— REQUIRED ACTION —
Exactly as given, write out the lines from the one containing "this 1024×1024 image." through the end of the listing, with both ends included and nothing else.

— DATA EXCERPTS —

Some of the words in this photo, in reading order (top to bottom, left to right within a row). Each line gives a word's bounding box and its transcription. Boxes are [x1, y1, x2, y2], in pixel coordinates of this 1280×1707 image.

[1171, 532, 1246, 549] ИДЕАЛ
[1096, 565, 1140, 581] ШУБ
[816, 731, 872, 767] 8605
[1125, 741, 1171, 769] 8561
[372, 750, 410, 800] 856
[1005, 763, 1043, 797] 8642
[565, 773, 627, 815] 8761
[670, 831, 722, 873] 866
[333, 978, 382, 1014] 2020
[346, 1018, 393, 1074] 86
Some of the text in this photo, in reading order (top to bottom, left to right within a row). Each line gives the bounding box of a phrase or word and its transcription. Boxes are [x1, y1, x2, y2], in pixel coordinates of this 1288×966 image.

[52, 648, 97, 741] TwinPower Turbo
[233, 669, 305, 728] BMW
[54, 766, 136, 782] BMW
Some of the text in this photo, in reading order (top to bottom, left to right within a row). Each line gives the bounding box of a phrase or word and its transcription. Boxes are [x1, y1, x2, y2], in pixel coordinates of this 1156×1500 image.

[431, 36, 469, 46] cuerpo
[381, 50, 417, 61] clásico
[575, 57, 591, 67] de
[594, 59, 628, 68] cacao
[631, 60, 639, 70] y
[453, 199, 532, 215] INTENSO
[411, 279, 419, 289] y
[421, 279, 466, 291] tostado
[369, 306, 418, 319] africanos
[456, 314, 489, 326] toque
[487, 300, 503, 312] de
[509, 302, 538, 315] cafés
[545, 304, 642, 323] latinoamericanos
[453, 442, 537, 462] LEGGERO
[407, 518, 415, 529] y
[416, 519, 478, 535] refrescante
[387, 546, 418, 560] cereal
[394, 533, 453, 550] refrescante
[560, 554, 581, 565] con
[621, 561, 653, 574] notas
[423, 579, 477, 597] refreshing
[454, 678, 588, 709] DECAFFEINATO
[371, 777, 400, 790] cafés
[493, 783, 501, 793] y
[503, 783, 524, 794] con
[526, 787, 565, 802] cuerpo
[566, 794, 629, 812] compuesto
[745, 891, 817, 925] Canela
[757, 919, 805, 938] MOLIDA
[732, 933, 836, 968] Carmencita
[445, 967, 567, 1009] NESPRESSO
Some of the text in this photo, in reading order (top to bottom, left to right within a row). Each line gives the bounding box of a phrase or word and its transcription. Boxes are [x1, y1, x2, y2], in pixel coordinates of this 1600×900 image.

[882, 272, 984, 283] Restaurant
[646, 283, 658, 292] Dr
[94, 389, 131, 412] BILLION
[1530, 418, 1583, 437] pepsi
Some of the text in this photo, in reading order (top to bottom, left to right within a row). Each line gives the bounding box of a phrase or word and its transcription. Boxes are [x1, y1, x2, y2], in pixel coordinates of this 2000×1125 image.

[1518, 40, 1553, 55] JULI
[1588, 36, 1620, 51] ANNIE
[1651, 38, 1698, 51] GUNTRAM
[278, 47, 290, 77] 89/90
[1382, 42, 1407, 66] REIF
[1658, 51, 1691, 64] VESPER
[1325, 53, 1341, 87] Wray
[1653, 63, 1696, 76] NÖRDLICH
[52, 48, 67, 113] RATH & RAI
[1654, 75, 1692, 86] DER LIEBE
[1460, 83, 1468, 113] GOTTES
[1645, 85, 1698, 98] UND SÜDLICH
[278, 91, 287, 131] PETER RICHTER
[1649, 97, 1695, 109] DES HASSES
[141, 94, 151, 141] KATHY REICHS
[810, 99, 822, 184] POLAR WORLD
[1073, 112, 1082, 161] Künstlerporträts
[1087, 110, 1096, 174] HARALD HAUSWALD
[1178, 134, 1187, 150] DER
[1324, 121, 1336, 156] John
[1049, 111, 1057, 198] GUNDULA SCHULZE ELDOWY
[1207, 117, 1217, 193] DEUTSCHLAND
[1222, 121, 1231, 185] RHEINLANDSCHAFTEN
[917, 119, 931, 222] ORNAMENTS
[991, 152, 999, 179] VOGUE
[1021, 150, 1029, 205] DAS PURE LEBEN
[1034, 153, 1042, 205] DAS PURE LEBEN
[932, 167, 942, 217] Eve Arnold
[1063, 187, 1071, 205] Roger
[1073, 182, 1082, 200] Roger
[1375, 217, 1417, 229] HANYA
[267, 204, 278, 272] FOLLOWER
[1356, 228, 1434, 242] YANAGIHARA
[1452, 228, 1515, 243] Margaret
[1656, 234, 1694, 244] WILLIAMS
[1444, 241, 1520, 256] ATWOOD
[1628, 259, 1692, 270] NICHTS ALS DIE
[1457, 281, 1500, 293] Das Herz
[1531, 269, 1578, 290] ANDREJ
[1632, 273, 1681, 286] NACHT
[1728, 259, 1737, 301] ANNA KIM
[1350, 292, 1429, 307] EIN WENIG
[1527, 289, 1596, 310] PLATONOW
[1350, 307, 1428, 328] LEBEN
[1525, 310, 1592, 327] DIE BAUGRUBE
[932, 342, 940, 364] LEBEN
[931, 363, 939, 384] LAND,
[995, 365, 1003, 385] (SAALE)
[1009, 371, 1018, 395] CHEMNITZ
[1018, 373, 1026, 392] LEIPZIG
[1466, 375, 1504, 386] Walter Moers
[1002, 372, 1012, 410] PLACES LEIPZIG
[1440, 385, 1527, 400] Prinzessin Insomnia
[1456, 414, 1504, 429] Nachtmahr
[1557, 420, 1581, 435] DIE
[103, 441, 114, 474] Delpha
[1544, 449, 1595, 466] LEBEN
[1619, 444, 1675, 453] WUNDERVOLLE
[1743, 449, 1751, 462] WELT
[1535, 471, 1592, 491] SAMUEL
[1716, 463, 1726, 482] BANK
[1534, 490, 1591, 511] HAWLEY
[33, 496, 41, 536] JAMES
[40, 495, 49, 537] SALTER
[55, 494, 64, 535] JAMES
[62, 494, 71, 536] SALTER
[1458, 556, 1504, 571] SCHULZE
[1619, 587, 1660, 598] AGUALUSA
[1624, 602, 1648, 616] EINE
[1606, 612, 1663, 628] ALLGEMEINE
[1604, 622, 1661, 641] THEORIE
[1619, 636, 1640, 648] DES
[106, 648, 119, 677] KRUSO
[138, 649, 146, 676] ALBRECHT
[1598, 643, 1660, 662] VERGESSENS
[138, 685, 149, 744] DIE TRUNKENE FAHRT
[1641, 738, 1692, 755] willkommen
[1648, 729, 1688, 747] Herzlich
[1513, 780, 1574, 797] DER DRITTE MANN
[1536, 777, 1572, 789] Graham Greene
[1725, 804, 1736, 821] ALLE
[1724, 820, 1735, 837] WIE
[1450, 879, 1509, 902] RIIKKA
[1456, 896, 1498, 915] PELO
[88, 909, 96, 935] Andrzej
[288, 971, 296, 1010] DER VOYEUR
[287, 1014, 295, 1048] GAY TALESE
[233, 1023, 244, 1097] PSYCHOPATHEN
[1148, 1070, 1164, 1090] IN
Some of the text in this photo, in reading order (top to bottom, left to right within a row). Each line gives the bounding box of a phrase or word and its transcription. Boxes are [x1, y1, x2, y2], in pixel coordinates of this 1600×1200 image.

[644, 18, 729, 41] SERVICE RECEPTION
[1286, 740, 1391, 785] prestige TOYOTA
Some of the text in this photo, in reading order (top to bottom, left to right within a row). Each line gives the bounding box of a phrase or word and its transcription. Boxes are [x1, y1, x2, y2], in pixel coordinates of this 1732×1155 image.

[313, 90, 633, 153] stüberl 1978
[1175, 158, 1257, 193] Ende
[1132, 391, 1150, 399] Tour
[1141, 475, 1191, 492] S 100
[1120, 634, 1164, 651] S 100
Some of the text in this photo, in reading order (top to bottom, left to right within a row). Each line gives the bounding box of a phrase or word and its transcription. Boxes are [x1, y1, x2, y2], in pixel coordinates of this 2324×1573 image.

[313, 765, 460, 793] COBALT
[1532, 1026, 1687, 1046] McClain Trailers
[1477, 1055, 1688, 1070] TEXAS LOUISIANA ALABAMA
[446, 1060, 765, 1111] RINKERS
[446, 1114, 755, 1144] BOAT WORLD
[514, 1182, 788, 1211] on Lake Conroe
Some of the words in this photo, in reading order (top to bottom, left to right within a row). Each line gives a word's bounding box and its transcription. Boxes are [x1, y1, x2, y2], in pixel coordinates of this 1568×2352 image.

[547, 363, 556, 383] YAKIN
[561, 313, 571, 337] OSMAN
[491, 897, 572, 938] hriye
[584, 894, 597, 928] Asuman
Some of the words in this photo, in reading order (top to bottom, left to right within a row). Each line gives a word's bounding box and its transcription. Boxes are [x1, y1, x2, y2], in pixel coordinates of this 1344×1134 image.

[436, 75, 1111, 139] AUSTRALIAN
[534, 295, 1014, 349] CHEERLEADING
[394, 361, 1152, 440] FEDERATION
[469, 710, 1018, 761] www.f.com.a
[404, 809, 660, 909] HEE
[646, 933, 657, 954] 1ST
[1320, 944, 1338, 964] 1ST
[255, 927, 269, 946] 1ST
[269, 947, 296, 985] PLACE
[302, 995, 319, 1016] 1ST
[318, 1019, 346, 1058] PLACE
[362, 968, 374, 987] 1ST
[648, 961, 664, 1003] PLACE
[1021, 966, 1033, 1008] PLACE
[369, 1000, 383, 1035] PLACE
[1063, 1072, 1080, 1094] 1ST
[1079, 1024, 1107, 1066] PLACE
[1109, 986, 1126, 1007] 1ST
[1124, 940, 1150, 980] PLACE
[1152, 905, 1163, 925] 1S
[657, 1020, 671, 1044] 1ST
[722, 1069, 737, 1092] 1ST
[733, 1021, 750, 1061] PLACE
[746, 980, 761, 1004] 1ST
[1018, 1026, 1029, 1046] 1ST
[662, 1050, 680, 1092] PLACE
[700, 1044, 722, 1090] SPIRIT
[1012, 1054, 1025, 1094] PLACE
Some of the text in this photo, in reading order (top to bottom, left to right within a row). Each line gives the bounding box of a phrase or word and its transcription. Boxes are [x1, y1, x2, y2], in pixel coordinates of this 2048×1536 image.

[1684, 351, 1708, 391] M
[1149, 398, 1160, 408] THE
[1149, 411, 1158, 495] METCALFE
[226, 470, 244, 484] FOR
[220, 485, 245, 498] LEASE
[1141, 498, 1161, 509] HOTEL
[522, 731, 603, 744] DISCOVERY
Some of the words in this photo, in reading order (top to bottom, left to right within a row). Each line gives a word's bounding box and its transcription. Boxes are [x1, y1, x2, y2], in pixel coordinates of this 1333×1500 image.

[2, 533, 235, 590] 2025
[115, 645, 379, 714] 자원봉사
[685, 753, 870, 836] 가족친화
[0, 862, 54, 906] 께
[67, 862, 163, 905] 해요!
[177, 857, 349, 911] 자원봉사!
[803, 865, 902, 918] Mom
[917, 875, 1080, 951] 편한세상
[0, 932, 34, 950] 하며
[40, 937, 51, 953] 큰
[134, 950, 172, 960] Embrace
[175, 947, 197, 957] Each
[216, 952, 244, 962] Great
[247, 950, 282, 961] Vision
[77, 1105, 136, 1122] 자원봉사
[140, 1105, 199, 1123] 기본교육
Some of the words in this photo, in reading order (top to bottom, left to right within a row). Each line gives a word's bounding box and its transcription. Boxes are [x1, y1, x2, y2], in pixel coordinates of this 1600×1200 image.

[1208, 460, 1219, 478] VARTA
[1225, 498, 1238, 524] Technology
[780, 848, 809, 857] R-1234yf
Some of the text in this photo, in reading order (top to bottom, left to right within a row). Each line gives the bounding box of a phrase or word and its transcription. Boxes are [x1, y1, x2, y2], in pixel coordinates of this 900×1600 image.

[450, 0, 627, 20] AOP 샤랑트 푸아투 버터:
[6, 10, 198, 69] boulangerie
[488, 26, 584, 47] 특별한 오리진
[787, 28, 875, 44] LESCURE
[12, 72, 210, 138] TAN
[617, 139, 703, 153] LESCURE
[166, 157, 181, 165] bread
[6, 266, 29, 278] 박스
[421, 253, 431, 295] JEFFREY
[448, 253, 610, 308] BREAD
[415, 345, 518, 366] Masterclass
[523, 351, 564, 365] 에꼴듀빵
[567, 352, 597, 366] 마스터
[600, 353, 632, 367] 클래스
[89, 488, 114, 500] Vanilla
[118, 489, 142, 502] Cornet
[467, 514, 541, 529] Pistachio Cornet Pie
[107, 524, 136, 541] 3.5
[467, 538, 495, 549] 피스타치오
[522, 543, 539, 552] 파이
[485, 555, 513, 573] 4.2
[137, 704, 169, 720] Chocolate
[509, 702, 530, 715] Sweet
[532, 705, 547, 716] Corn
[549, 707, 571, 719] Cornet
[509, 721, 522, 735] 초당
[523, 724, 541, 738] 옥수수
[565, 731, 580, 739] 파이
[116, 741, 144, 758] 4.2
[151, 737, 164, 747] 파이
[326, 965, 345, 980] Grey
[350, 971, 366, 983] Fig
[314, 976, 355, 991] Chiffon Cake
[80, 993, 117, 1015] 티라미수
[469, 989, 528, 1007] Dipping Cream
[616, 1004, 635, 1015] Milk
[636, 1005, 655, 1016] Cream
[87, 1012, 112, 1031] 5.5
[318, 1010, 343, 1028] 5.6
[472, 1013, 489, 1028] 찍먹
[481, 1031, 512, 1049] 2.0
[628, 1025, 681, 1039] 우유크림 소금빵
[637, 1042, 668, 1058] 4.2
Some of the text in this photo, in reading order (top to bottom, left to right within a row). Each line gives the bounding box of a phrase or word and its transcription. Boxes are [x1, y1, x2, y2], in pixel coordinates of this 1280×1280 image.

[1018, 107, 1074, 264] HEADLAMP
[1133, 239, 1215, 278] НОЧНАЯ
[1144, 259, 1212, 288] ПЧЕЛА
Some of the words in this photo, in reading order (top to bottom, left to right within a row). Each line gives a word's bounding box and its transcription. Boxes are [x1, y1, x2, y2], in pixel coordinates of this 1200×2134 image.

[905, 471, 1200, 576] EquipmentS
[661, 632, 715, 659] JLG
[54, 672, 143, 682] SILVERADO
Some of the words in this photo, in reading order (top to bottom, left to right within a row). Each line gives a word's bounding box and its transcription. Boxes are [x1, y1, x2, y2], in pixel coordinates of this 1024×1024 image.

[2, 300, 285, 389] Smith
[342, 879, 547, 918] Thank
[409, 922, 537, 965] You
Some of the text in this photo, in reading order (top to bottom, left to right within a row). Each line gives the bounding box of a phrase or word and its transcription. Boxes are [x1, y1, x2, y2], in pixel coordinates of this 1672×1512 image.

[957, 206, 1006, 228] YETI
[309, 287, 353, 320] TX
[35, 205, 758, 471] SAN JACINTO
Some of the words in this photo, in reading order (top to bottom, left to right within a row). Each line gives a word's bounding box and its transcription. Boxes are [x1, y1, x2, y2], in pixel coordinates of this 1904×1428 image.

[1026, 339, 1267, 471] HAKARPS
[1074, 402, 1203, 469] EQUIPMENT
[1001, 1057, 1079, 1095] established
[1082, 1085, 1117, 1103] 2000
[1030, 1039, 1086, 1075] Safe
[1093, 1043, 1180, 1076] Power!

— TASK ANSWER —
Some of the words in this photo, in reading order (top to bottom, left to right within a row). Each line gives a word's bounding box and its transcription. Boxes are [x1, y1, x2, y2], in pixel coordinates of this 1024×1024 image.

[2, 300, 285, 389] Smith
[342, 879, 547, 918] Thank
[409, 922, 537, 965] You
Some of the text in this photo, in reading order (top to bottom, left to right within a row). Each line gives the bounding box of a phrase or word and its transcription. Boxes are [x1, y1, x2, y2], in pixel coordinates of this 1672×1512 image.

[957, 206, 1006, 228] YETI
[309, 287, 353, 320] TX
[35, 205, 758, 471] SAN JACINTO
Some of the words in this photo, in reading order (top to bottom, left to right within a row). Each line gives a word's bounding box and its transcription. Boxes are [x1, y1, x2, y2], in pixel coordinates of this 1904×1428 image.

[1026, 339, 1267, 471] HAKARPS
[1074, 402, 1203, 469] EQUIPMENT
[1001, 1057, 1079, 1095] established
[1082, 1085, 1117, 1103] 2000
[1030, 1039, 1086, 1075] Safe
[1093, 1043, 1180, 1076] Power!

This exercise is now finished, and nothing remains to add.